Okay, mandatory GIF out the way, it is pronounced JIF by the way, I’m happy to debate that with anyone afterwards.
So fanning is when you split out a build and test to run on multiple machines in parallel. So yes, your CI runs may finish really quickly on your mainframes, but on your 1st generation Raspberry Pis they can take a bit longer.
But hey, Pis are cheap, and Rod’s basement is large, so we can have plenty of them.
We also want to make the onboarding easier for new Build team members (beards are not required by the way).

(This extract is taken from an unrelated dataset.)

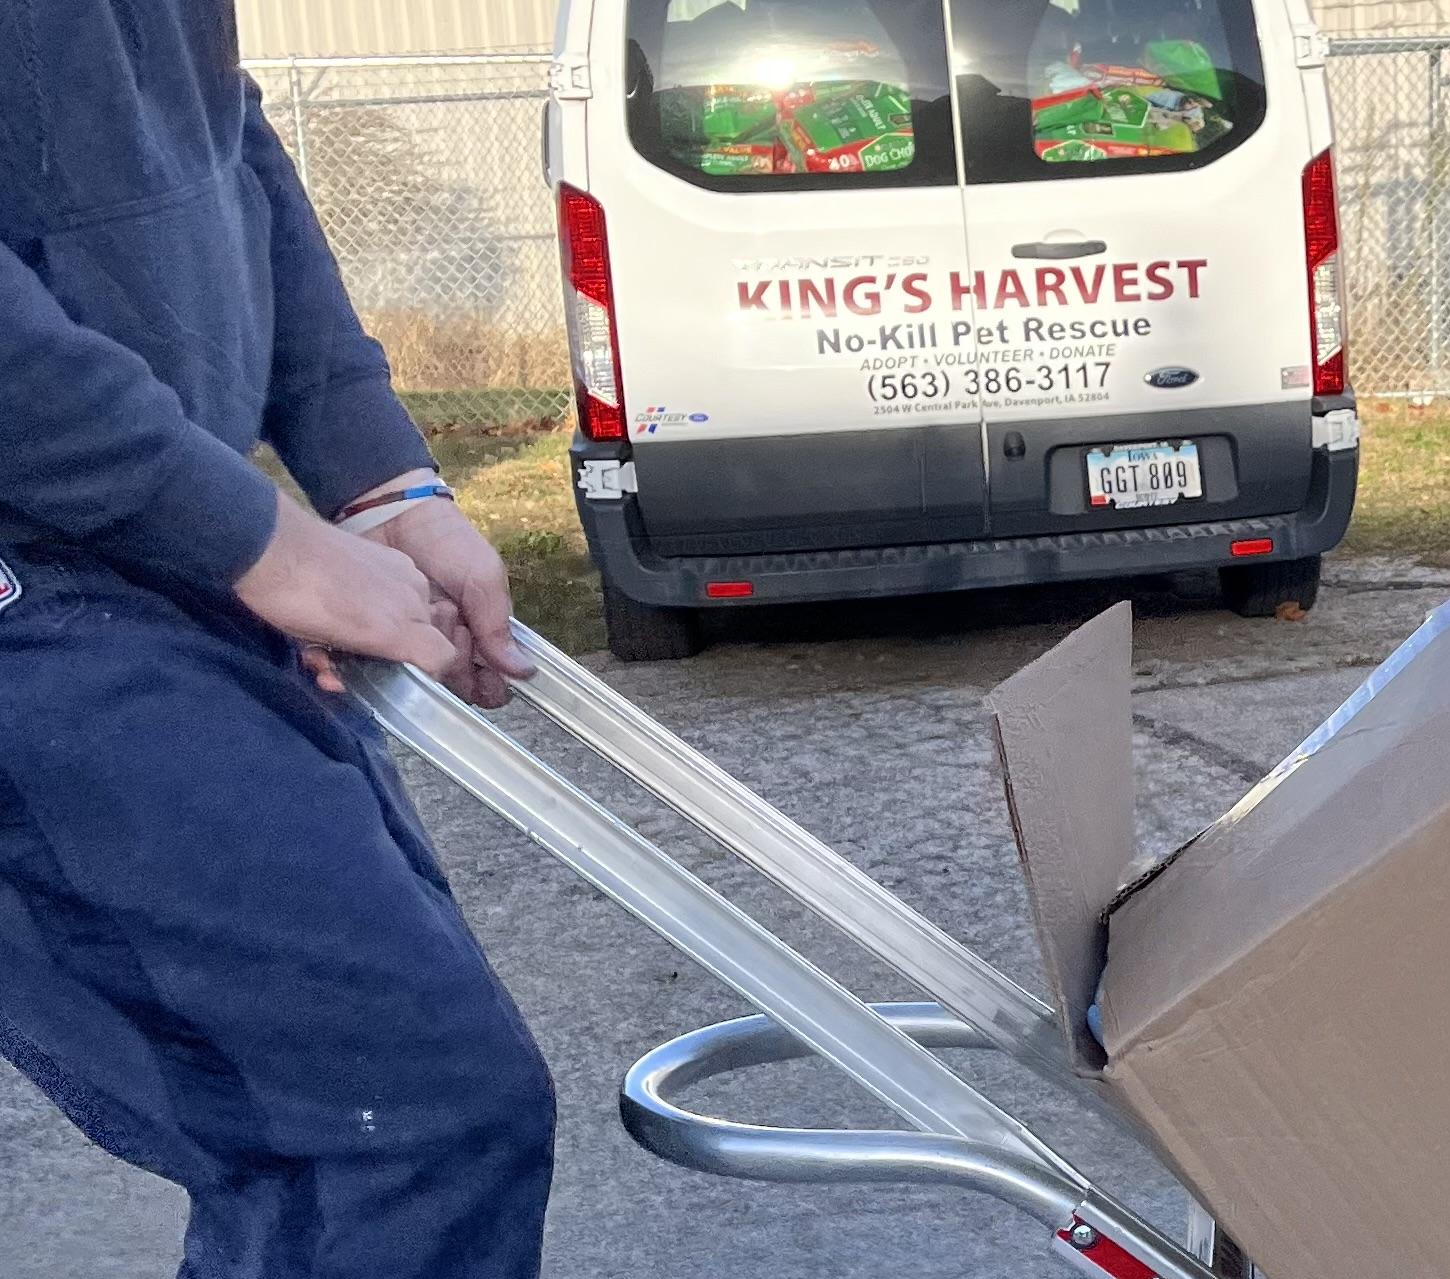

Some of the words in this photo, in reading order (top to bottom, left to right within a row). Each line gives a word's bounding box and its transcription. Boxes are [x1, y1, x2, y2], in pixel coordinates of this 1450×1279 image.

And one of the key ways we do this is with Infrastructure as Code. If you haven’t used Ansible before, it’s a way of automating machine setup and configuration. Basically it’s like the set of bash scripts you have to set up your machines, but much much more complicated and full-featured.
The other great thing about this is that anyone can set up their own machines to build and run Node with the same scripts. I mentioned that we do our own builds of Node at IBM, well we’re working on making our machine configuration use the community one.
And now we come to the second part of our talk, the quest.
We want to reduce the barrier to entry, and increase the pool of people who can fix Node infra issues.
So, this is the job that builds Node releases. I'll give you time to read through this. Editing this file is a bit like coding in the dark, you’re wandering around a job that goes on … (and on)
(goes on) … and on .
Another problem with Jenkins was that you had to enter the configuration information in the job itself. Everything is stored in a giant XML file, which is pretty hard to read, and pretty much impossible to edit.
As a general rule, if it’s not code stored in a Git repo with Pull Requests, it’s invisible (and it rots).
Fortunately the folks at Jenkins have been working hard on a solution.
It’s called pipelines. A pipeline allows you to put all the configuration in a Jenkinsfile stored in Git, basically like a travis.yml on steroids.
It also allows us to open up our jobs for anyone to contribute to.
Visibility is important, take this code for example. Can you spot the issue with it?
I’ll give you a hint, it works fine now, but it’s going to start to cause problems around April next year.
The issue is that the NODE_VERSION code just takes the first character from the Node version, so Node 10.0.0 will become Node 1.x
The point of this isn’t to shame the person who wrote it, the point is that with enough eyeballs, all bugs are shallow.
Also there’s no git blame, so I can’t find out who wrote it to shame them.
So, the problem with Jenkins pipelines is that they’re new technology, no-one in the current build team has much experience with them. So this is where you come in. If you’ve used pipelines before, or you’re willing to learn, then please come and get involved.
Shout-out to Jon, who magically showed up and raised this issue a week after we decided in a meeting that we should probably look at this pipeline stuff. Help with this would be really amazing, so come talk to us.
Imagine that you’re a node collaborator like Brian, and you get this error when you try to run CI on your Pull Request. What do you do?
If you’re an experienced sysadmin you would ssh into the machine and … (do stuff)
(and) … do stuff until it’s fixed.
But what if there was a better, no prior knowledge solution?
Ansible scripts, especially when run through a graphical interface like Ansible Tower, allow you to simplify most problems down to “Click button to reprovision machine”
Not all the stuff we do is managing machines. One of the things we want to do is have a really nice Sponsors page on the website, to properly thank our sponsors. Being in the Build WG readme is pretty great, but how many people have actually seen the build WG readme?
This is something where a frontend developer could probably make something really nice in five minutes, whereas I’d flail around for half an hour and make some monstrosity.
This is an example of something another open-source project did. It looks really professional, and it’d be great to have something like that.
By the way, if you haven’t tried out the new superfast firefox nightly, I recommend checking it out.
So, to wrap up there’s loads of really exciting stuff we’re doing at the Build working group, and we’d really like your help.